Referring expression grounding data
--*--

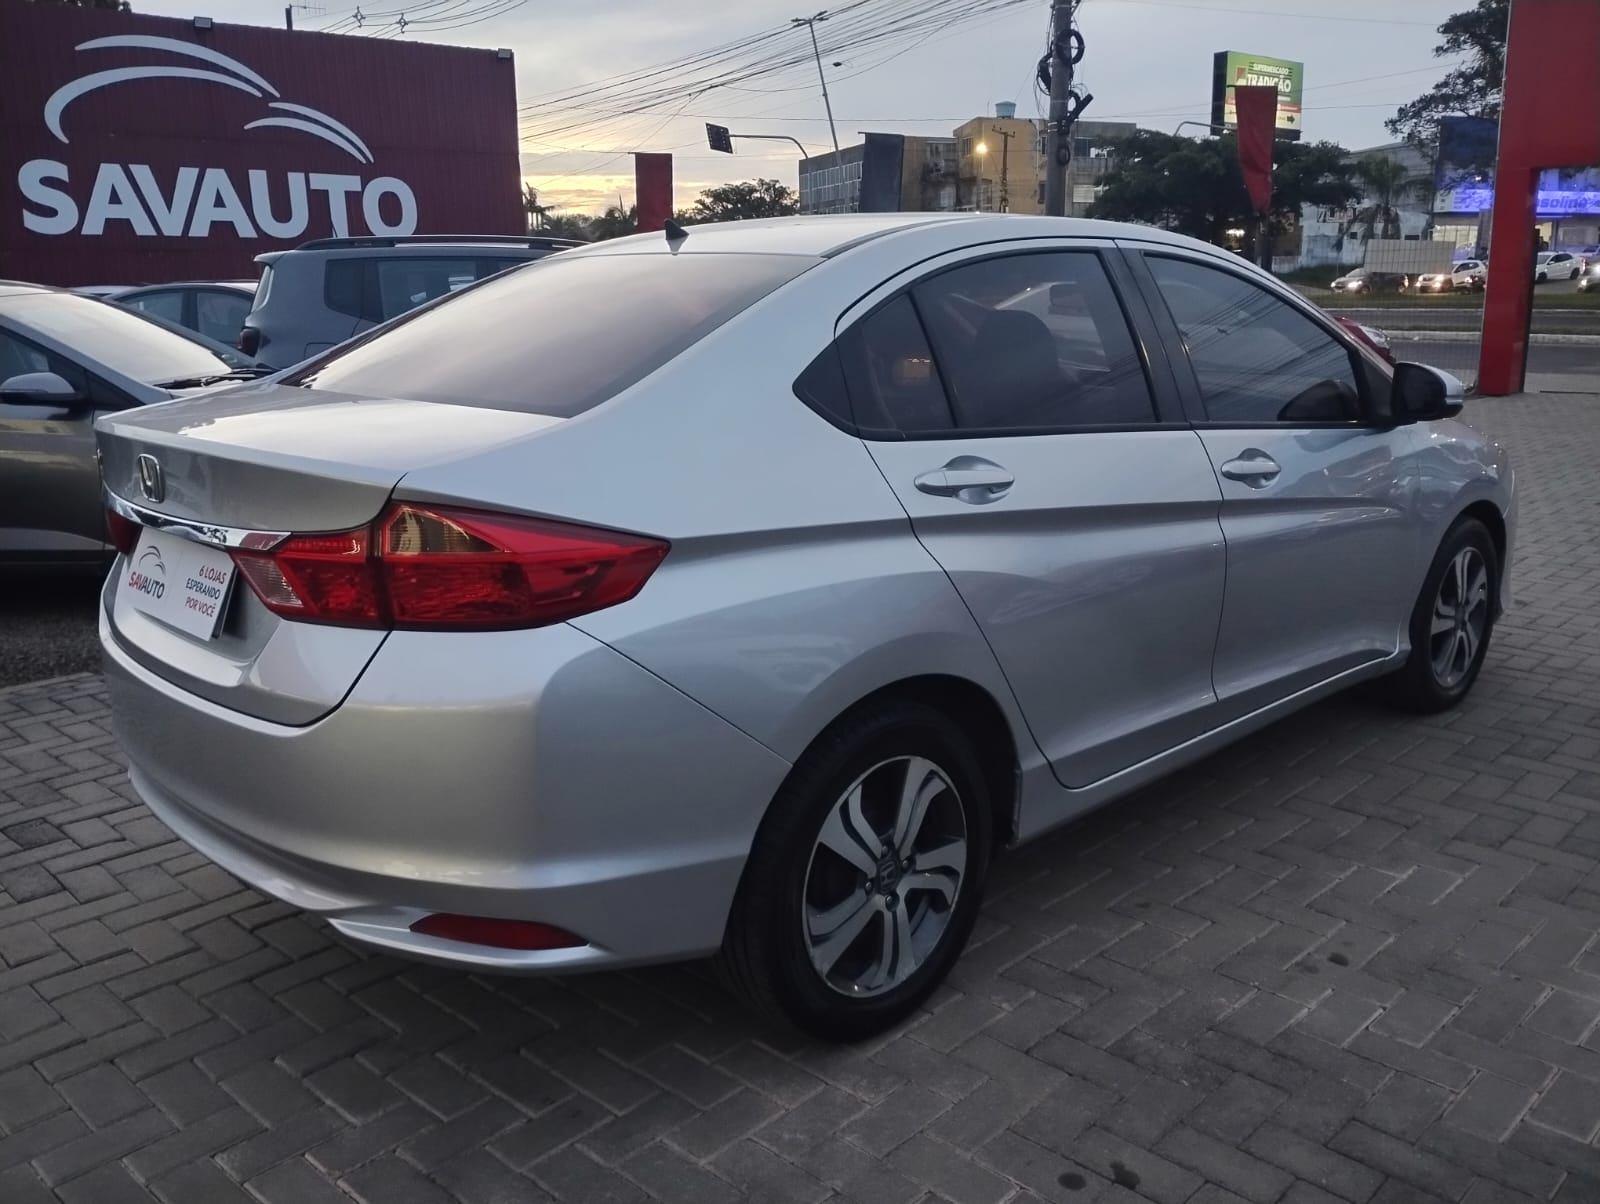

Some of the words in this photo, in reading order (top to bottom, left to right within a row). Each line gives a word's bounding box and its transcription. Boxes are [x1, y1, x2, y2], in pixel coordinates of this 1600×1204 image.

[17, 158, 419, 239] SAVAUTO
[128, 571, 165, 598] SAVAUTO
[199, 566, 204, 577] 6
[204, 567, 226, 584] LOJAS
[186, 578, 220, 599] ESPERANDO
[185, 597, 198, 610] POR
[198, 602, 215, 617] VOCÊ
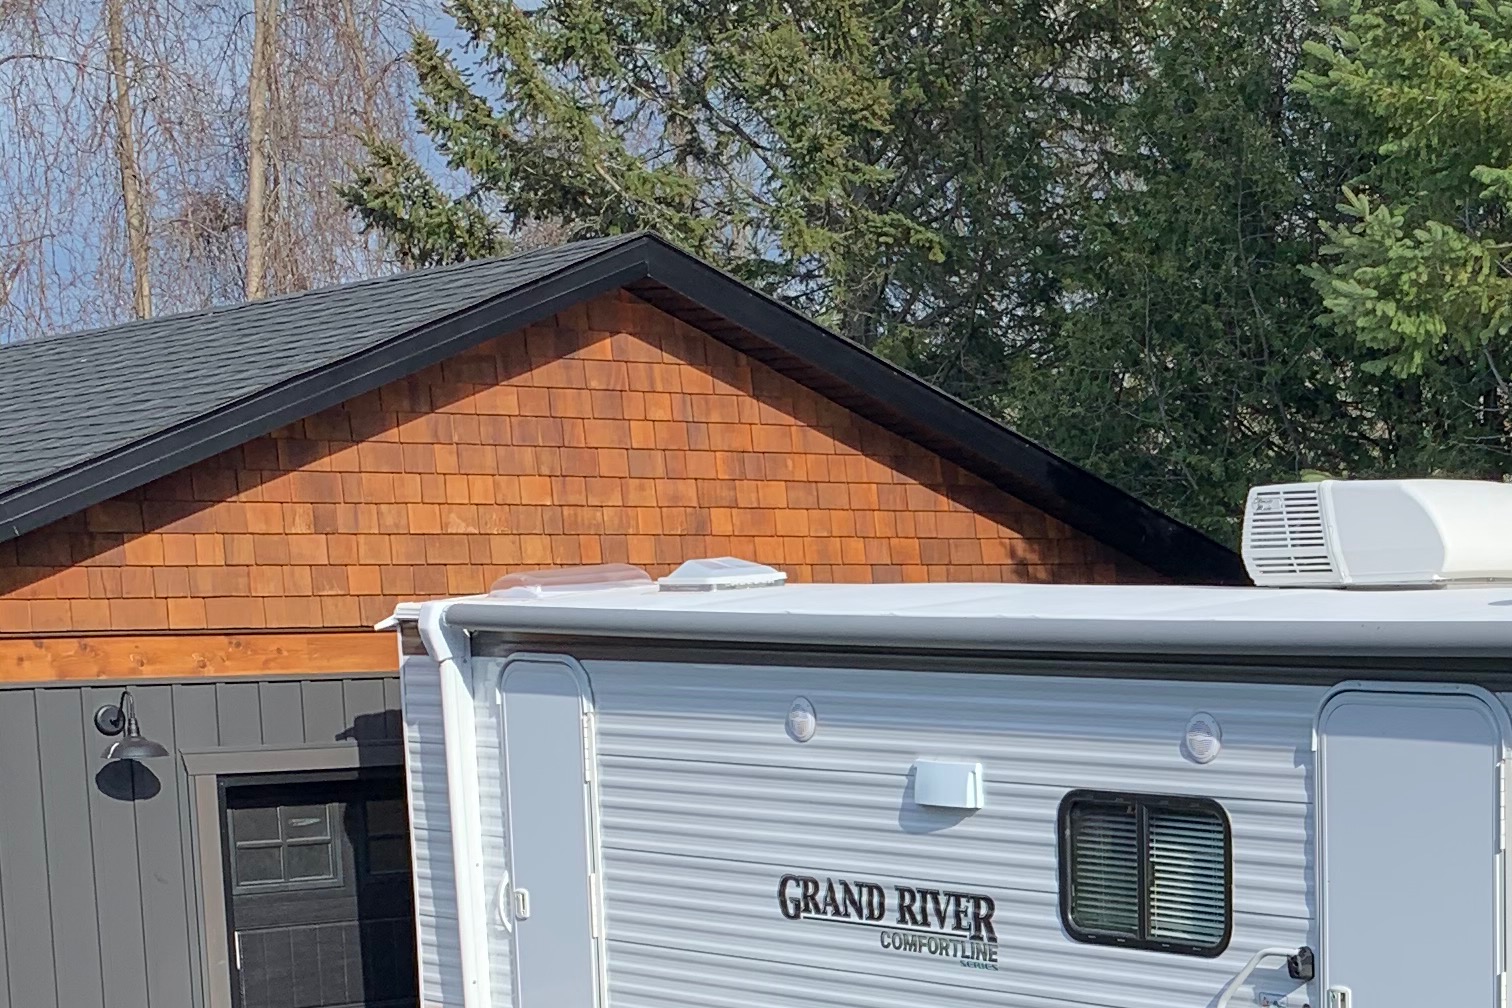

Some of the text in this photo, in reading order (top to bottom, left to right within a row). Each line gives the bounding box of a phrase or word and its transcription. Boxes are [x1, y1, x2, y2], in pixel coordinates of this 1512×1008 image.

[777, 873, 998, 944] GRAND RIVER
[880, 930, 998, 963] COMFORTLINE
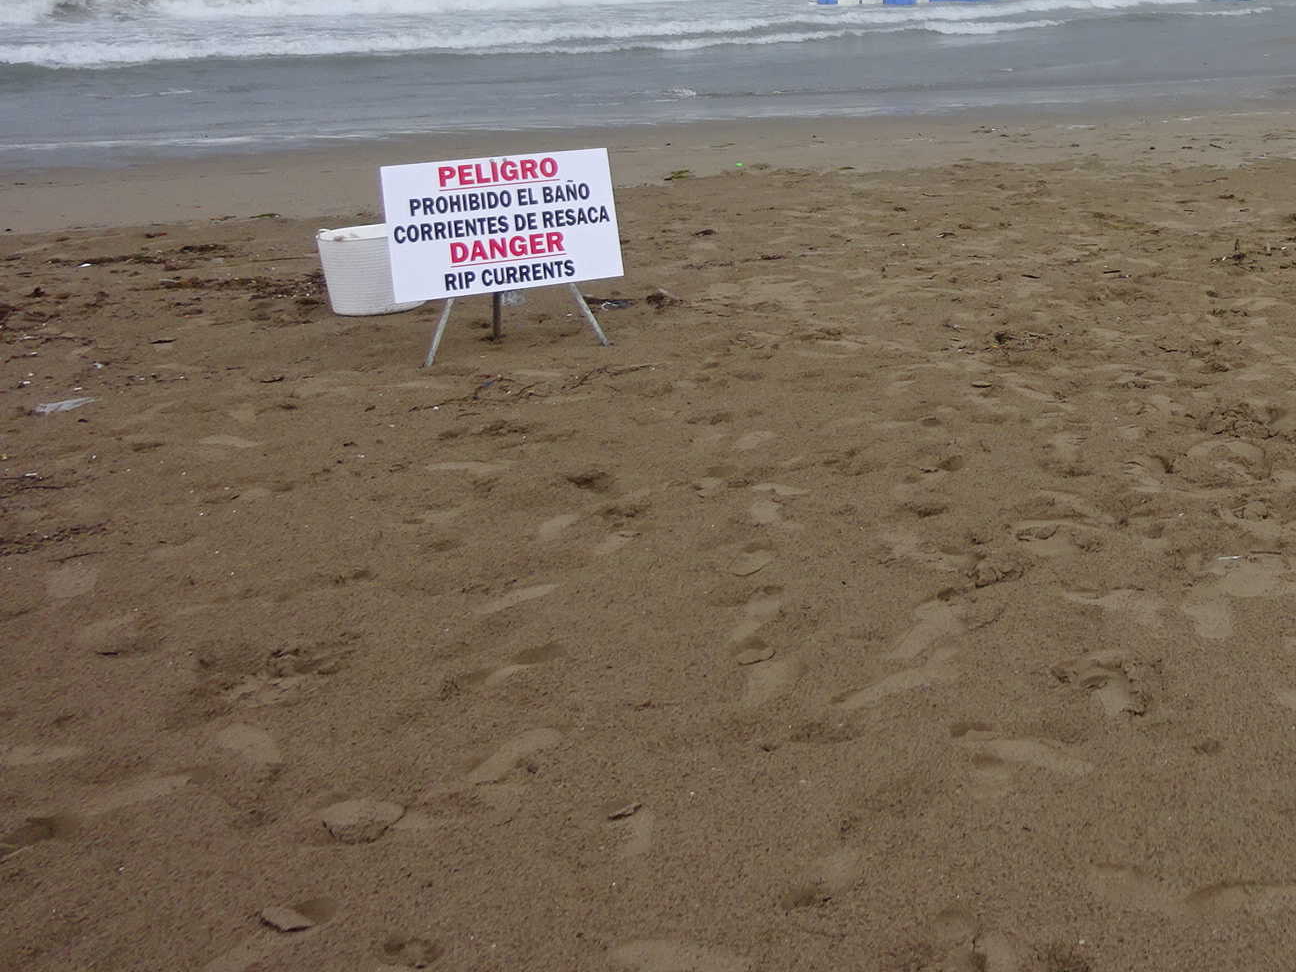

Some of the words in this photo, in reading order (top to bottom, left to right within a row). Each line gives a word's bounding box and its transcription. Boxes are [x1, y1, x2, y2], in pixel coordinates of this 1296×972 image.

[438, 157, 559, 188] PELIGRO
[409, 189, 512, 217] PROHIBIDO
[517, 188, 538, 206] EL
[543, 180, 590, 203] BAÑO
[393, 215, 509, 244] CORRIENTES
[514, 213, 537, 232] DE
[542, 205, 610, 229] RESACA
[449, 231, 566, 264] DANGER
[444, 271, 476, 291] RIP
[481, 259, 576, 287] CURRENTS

--*--

Instructions for the task
Copy out the entries exactly as they stand, omitting the images.

Response area
Some of the words in this photo, in reading order (top to bottom, left to right within a row). Each line gives a word's bounding box and its transcription. Boxes are [x1, y1, x2, y2], in pixel coordinates of this 1600×1204 image.

[17, 158, 419, 239] SAVAUTO
[128, 571, 165, 598] SAVAUTO
[199, 566, 204, 577] 6
[204, 567, 226, 584] LOJAS
[186, 578, 220, 599] ESPERANDO
[185, 597, 198, 610] POR
[198, 602, 215, 617] VOCÊ

Some of the text in this photo, in reading order (top to bottom, left to right within a row). Each line gives the bounding box of a phrase or word and its transcription. Boxes are [x1, y1, x2, y2], in pixel coordinates of this 1512×1008 image.

[777, 873, 998, 944] GRAND RIVER
[880, 930, 998, 963] COMFORTLINE

Some of the words in this photo, in reading order (top to bottom, left to right within a row). Each line gives a word's bounding box and its transcription. Boxes are [x1, y1, x2, y2], in pixel coordinates of this 1296×972 image.

[438, 157, 559, 188] PELIGRO
[409, 189, 512, 217] PROHIBIDO
[517, 188, 538, 206] EL
[543, 180, 590, 203] BAÑO
[393, 215, 509, 244] CORRIENTES
[514, 213, 537, 232] DE
[542, 205, 610, 229] RESACA
[449, 231, 566, 264] DANGER
[444, 271, 476, 291] RIP
[481, 259, 576, 287] CURRENTS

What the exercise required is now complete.